◆ Collected data ◆

========================================================================

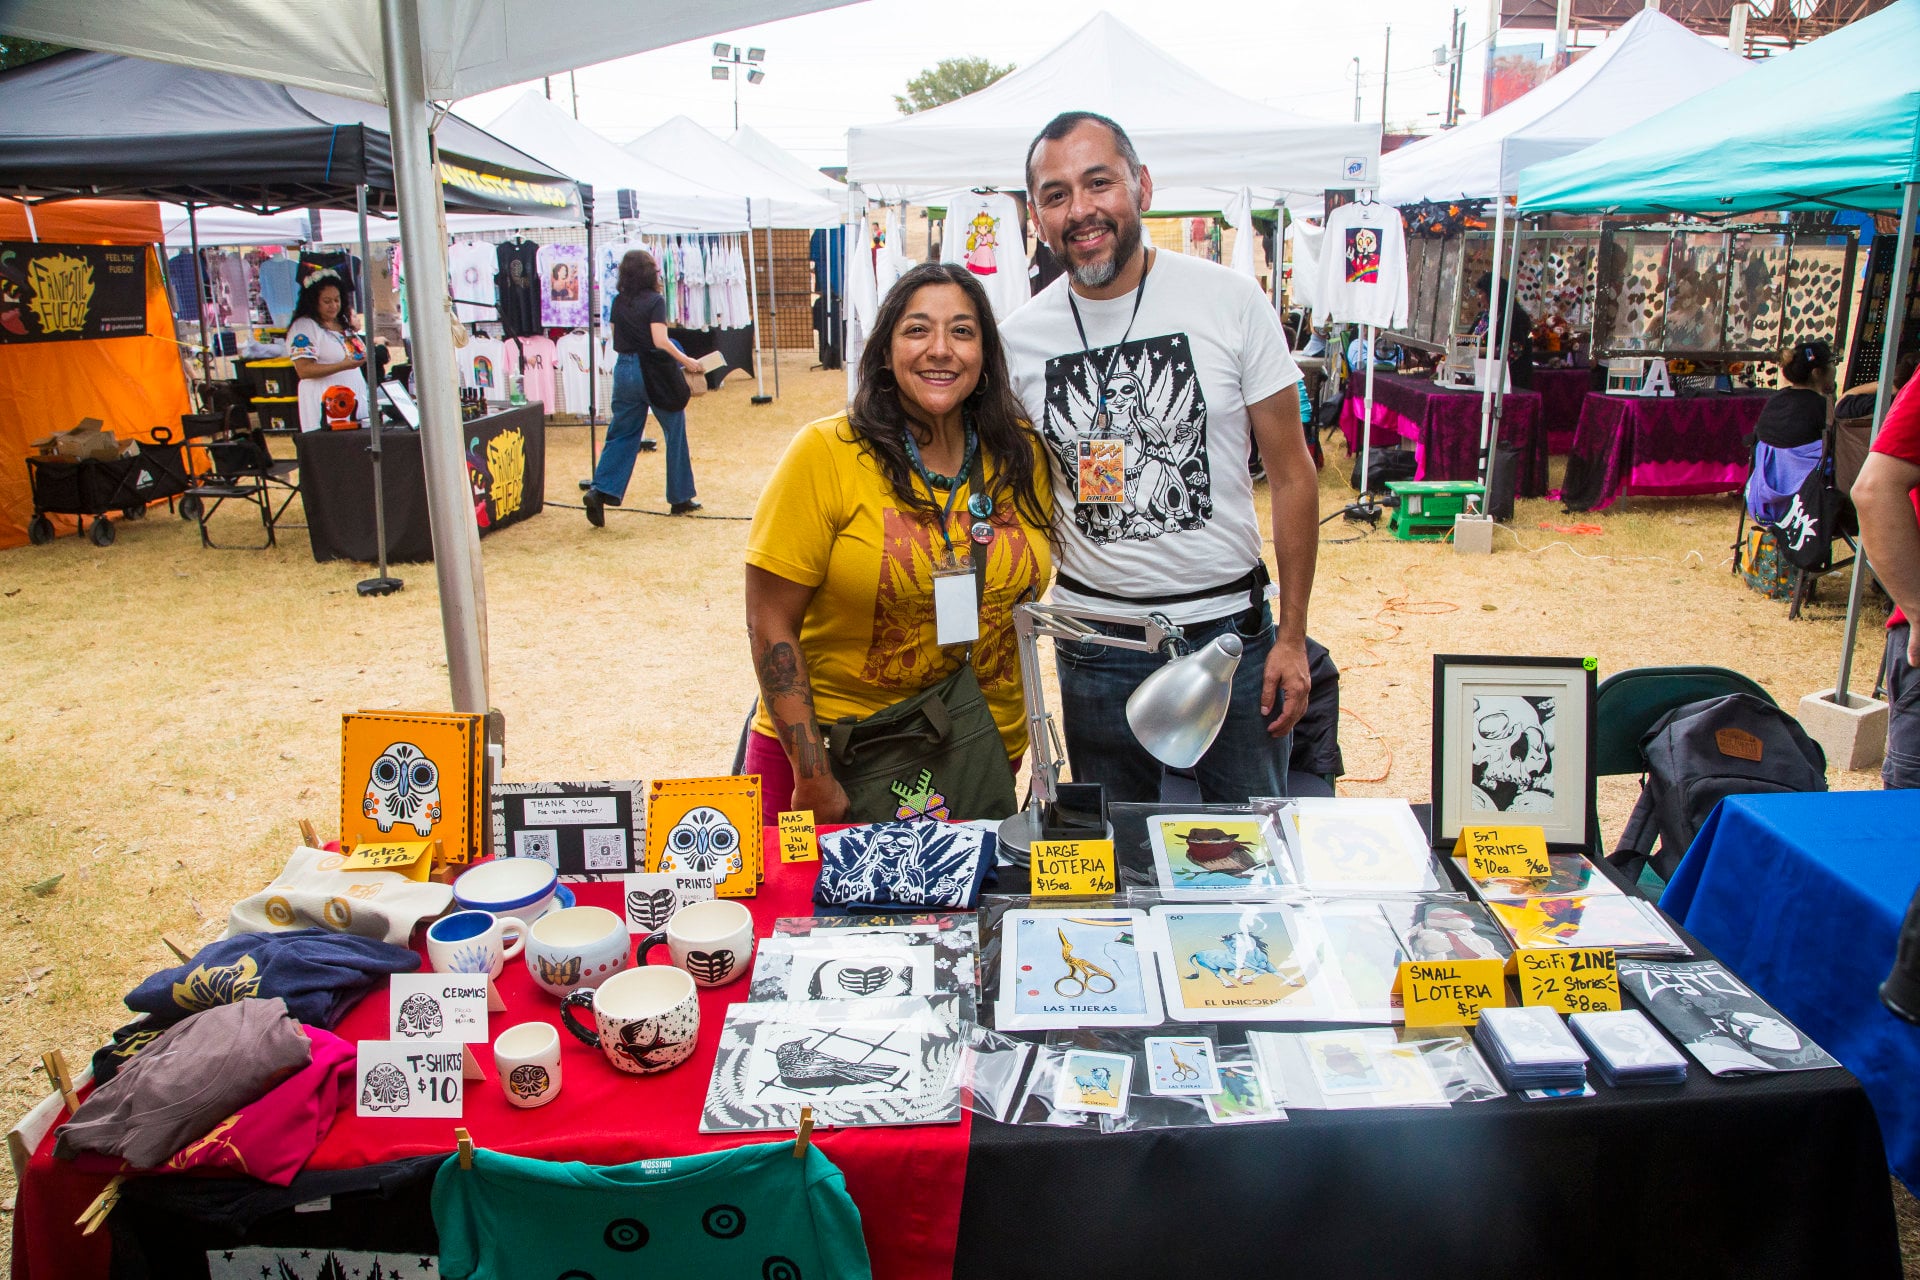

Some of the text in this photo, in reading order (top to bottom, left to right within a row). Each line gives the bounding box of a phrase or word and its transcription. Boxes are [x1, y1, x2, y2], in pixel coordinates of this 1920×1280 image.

[440, 160, 519, 199] ANTASTIC
[105, 253, 135, 263] FEEL THE
[32, 261, 89, 301] FANTASTIC
[40, 301, 86, 330] FUEGO
[1585, 660, 1596, 668] 25
[530, 799, 594, 808] THANK YOU
[781, 814, 804, 824] MAS
[1473, 830, 1499, 842] 5x7
[357, 846, 407, 858] Totes
[785, 842, 809, 853] BIN
[1036, 843, 1080, 858] LARGE
[1473, 844, 1529, 856] PRINTS
[1037, 858, 1106, 875] LOTERIA
[676, 877, 713, 890] PRINTS
[1568, 950, 1616, 973] ZINE
[1618, 962, 1719, 973] ABSOLUTE
[1409, 965, 1462, 981] SMALL
[1544, 976, 1608, 993] 2 Stories
[1620, 969, 1753, 1002] ZERO
[442, 987, 487, 999] CERAMICS
[1412, 983, 1493, 1003] LOTERIA
[406, 1052, 462, 1074] T-SHIRTS
[417, 1076, 458, 1104] $10
[640, 1160, 672, 1169] MOSSIMO

========================================================================

◆ TASK ITEM ◆
Reproduce the entries above exactly, without images.

◆ RESULT FOR THIS EXERCISE ◆
Some of the text in this photo, in reading order (top to bottom, left to right within a row). Each line gives the bounding box of a phrase or word and its transcription. Boxes are [x1, y1, x2, y2], in pixel coordinates of this 1920×1280 image.

[440, 160, 519, 199] ANTASTIC
[105, 253, 135, 263] FEEL THE
[32, 261, 89, 301] FANTASTIC
[40, 301, 86, 330] FUEGO
[1585, 660, 1596, 668] 25
[530, 799, 594, 808] THANK YOU
[781, 814, 804, 824] MAS
[1473, 830, 1499, 842] 5x7
[357, 846, 407, 858] Totes
[785, 842, 809, 853] BIN
[1036, 843, 1080, 858] LARGE
[1473, 844, 1529, 856] PRINTS
[1037, 858, 1106, 875] LOTERIA
[676, 877, 713, 890] PRINTS
[1568, 950, 1616, 973] ZINE
[1618, 962, 1719, 973] ABSOLUTE
[1409, 965, 1462, 981] SMALL
[1544, 976, 1608, 993] 2 Stories
[1620, 969, 1753, 1002] ZERO
[442, 987, 487, 999] CERAMICS
[1412, 983, 1493, 1003] LOTERIA
[406, 1052, 462, 1074] T-SHIRTS
[417, 1076, 458, 1104] $10
[640, 1160, 672, 1169] MOSSIMO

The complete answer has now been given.